# Egyptian long-eared hoglets for sale!!!



## noble1 (Jul 10, 2008)

hi the shops 2 long-eared hedgehogs, the female gave birth on the 25th march to 4 gorgeous little hoglets.they will be ready in 5-6 weeks and around £175.
The breeding pair will also be for sale at around £399 cheers,
josh


----------



## animal addict (Jun 1, 2008)

is she nursing the other 2 now or are you hand rearing them?? good luck x


----------



## noble1 (Jul 10, 2008)

i havnt rang the boss to find out, im gonna go in tonight and see how shes going with the 2 i dnt no whether to take em out but they could die and also if i leave em there they could die :S i dont know what to do.
we have the kitten formula ready anyways  cheers


----------



## noble1 (Jul 10, 2008)

sorry for slow replys going on break, lol, back on at 14:00 cheers


----------



## enola69 (Aug 27, 2008)

I cant believe you hae these up for sale when they are only a few days old and as posted on a hog forum mum had rejected two of them already!!!!


----------



## xXFooFooLaFluffXx (Aug 4, 2007)

enola69 said:


> I cant believe you hae these up for sale when they are only a few days old and as posted on a hog forum mum had rejected two of them already!!!!

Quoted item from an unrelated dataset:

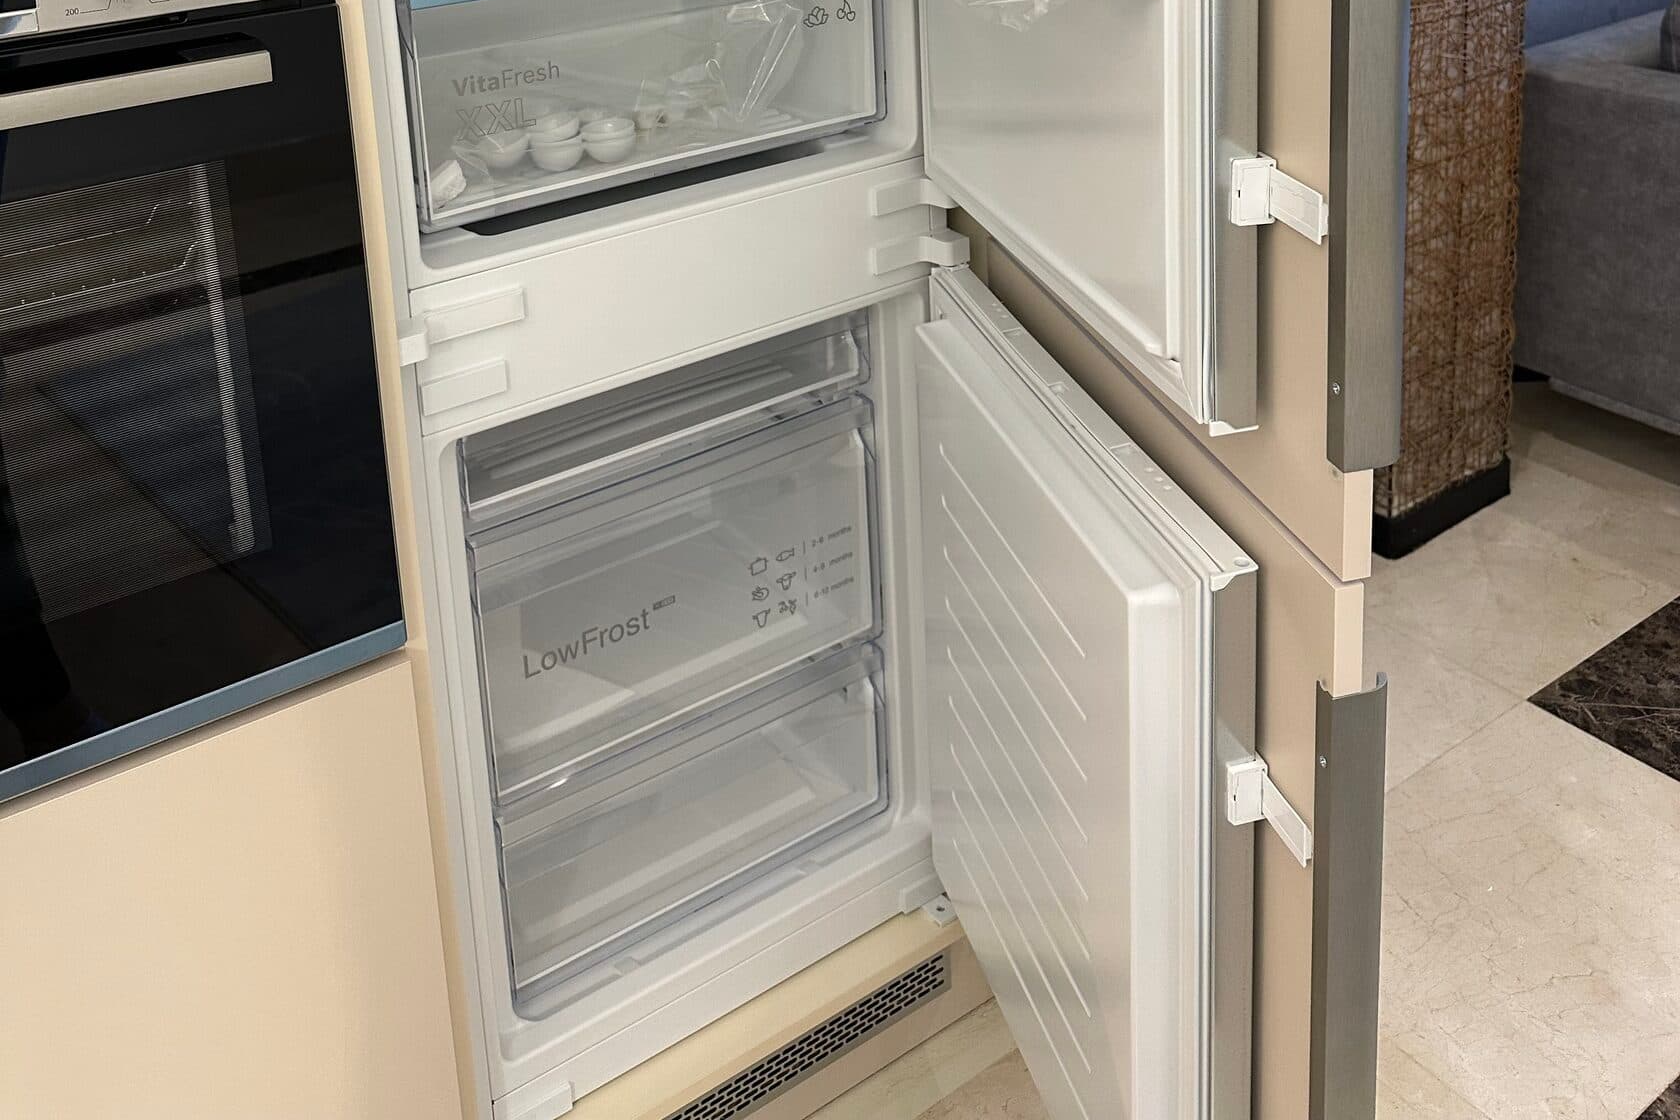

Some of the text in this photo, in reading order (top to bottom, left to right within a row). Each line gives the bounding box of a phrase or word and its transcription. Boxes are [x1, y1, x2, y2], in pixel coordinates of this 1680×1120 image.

[65, 7, 80, 17] 200
[451, 60, 561, 97] VitaFresh
[455, 97, 538, 141] XXL
[522, 608, 651, 679] LowFrost

 aye talk about countin ya hedgehogs before theyve hatched....... errr, ya know what i mean :lol2:


----------



## quilson_mc_spike (Dec 27, 2008)

josh its not a good idea to put them up yet anybody who was knowlagble would know that the mother could eat the babies ior anything asp in the pet shop were people will be coming and going all day and she will need a nice quiet dark place with no disturbance surley you read about the complications before breeding you must have knew that she may have rejected them so you might want to leeve at about 2-3 weeks before advertizing not having a dig but it wasnt the best thing to and plus this isnt evan in classifieds:whistling2:.....


----------



## quilson_mc_spike (Dec 27, 2008)

any update on the hoglets josh?...


----------